§ Exercise description
Pictures stay out; everything else in the records below is copied exactly.

§ Dataset extract
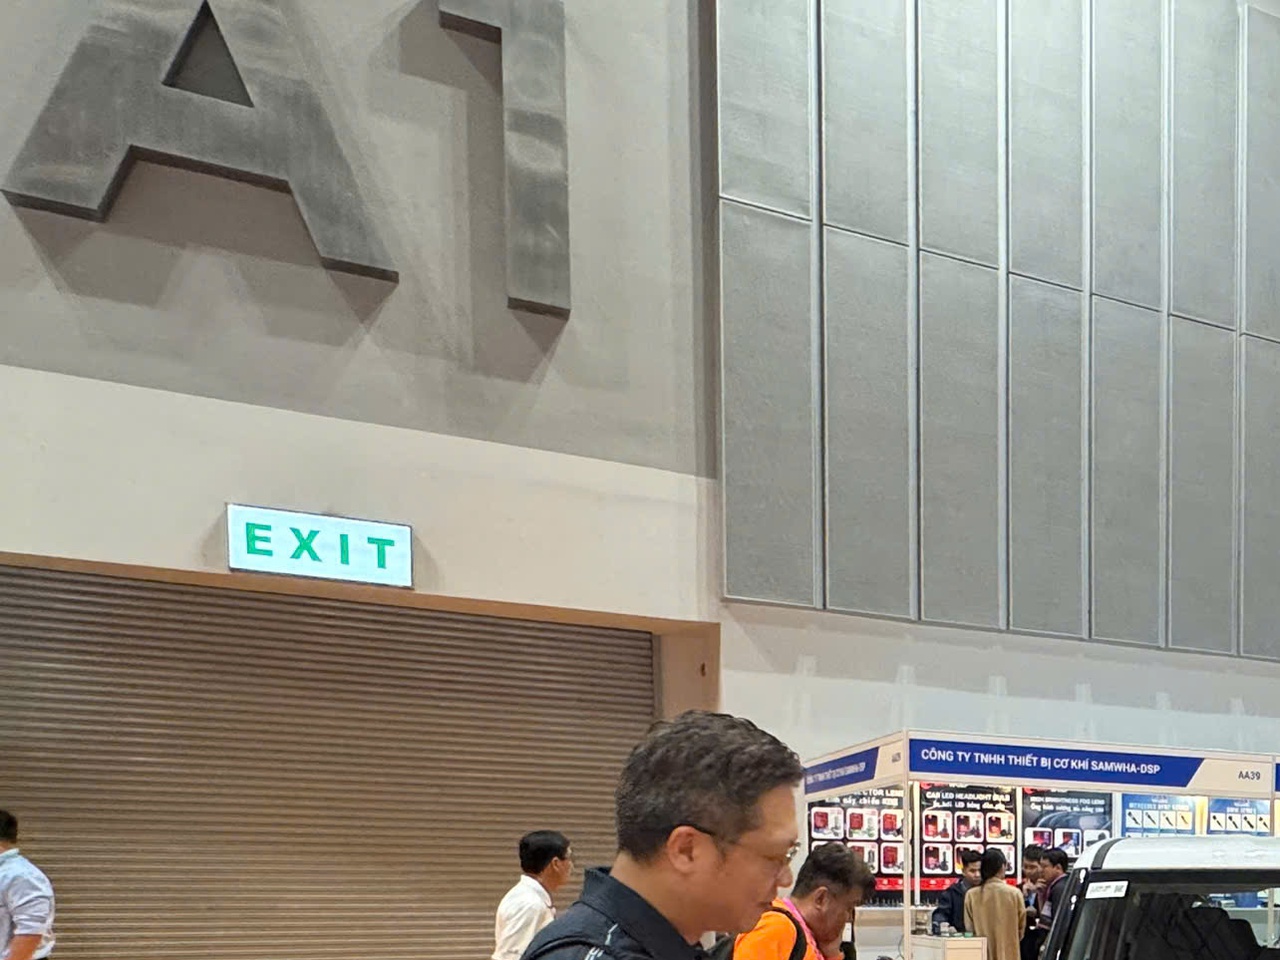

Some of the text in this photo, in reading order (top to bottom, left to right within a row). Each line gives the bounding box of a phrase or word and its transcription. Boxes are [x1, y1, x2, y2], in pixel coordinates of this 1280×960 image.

[244, 521, 396, 571] EXIT
[920, 746, 1161, 775] CÔNG TY TNHH THIẾT BỊ CƠ KHÍ SAMWHA-DSP
[1238, 770, 1261, 781] AA39
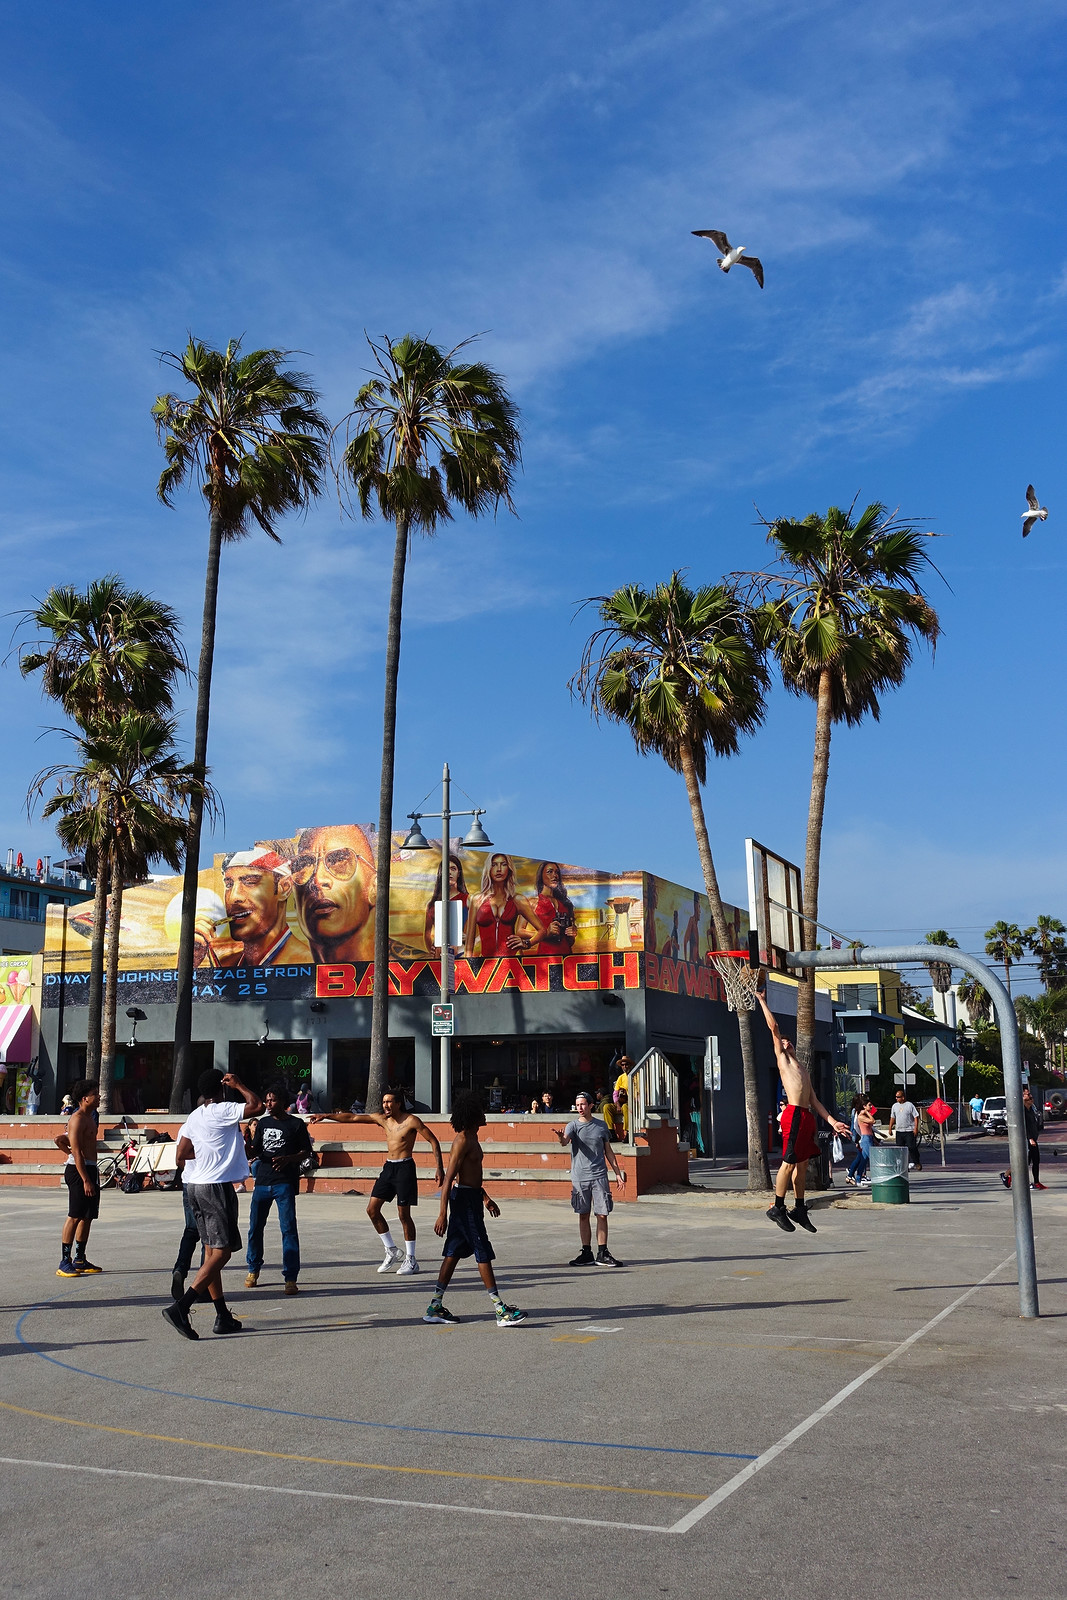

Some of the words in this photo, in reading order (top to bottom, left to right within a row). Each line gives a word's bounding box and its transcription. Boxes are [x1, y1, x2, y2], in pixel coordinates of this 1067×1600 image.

[213, 969, 247, 980] ZAC
[253, 967, 312, 978] EFRON
[315, 952, 640, 998] BAYWATCH
[238, 983, 268, 996] 25
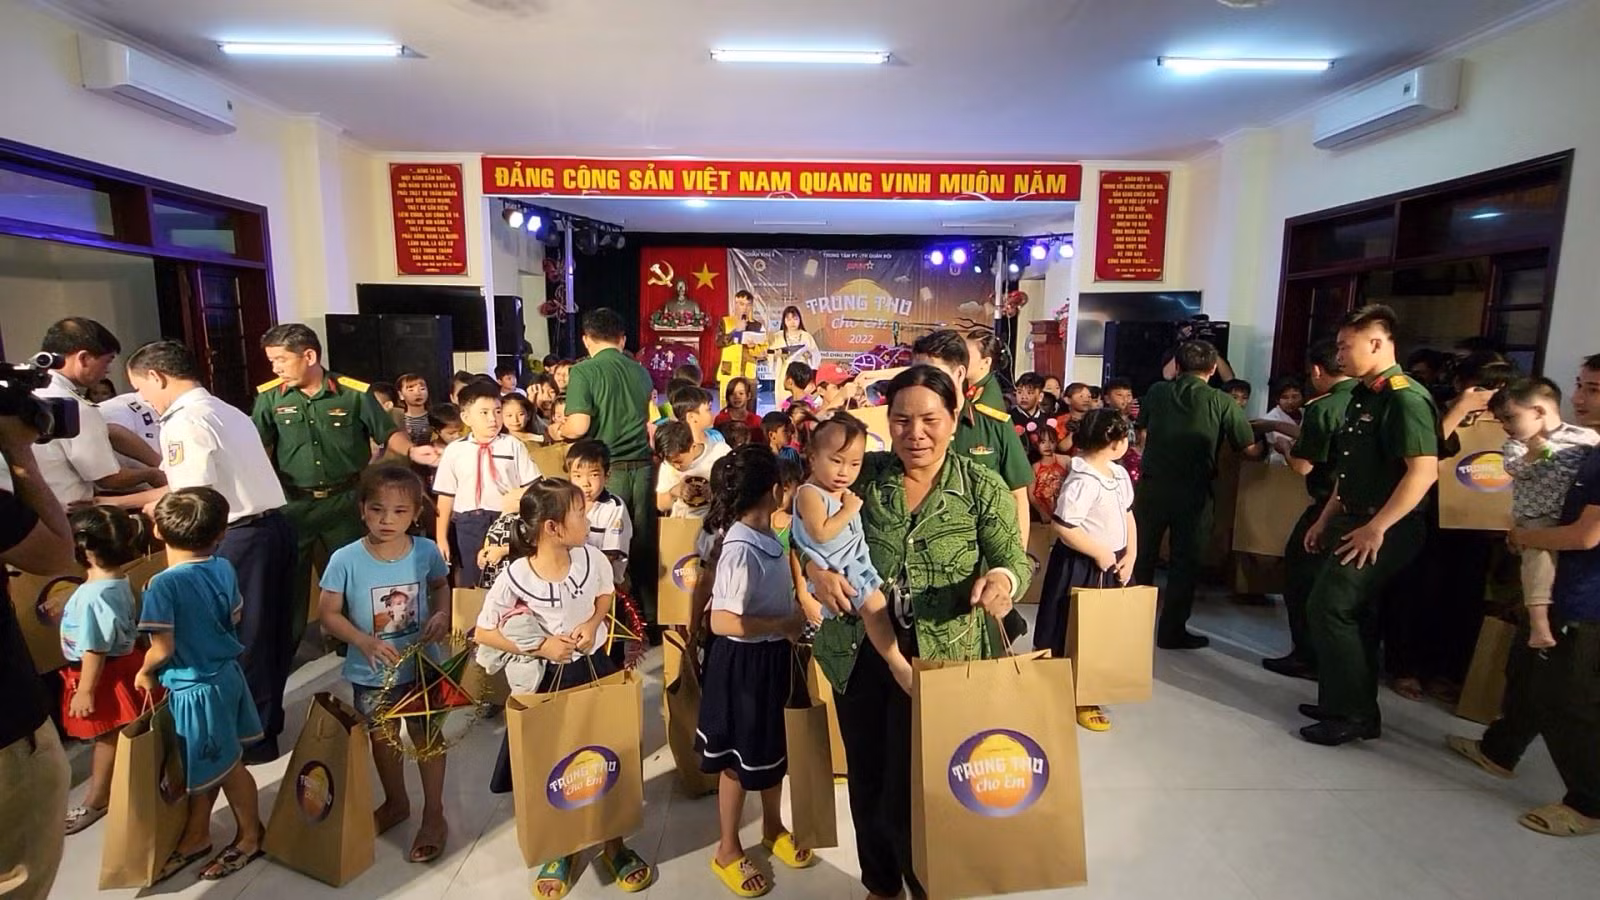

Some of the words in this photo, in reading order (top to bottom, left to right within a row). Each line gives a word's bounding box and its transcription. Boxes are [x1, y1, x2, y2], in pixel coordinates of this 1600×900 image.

§ Exercise solution
Some of the text in this photo, in reading order (top to bottom, left to right within a row). Each line gives the bounding box of a phrase or word and its transcription. Boxes are [x1, y1, x2, y2], in pixel coordinates of this 1280×960 image.

[244, 521, 396, 571] EXIT
[920, 746, 1161, 775] CÔNG TY TNHH THIẾT BỊ CƠ KHÍ SAMWHA-DSP
[1238, 770, 1261, 781] AA39

Some of the words in this photo, in reading order (top to bottom, left to right within a row). Each line gives a word's bounding box and its transcription. Boxes are [x1, y1, x2, y2], in pixel coordinates of this 1067×1600 image.

[213, 969, 247, 980] ZAC
[253, 967, 312, 978] EFRON
[315, 952, 640, 998] BAYWATCH
[238, 983, 268, 996] 25

Some of the words in this photo, in reading order (top to bottom, left to right within a row). Each line gives a word's bounding box and its transcription. Boxes are [x1, y1, x2, y2], in pixel coordinates of this 1600×900 image.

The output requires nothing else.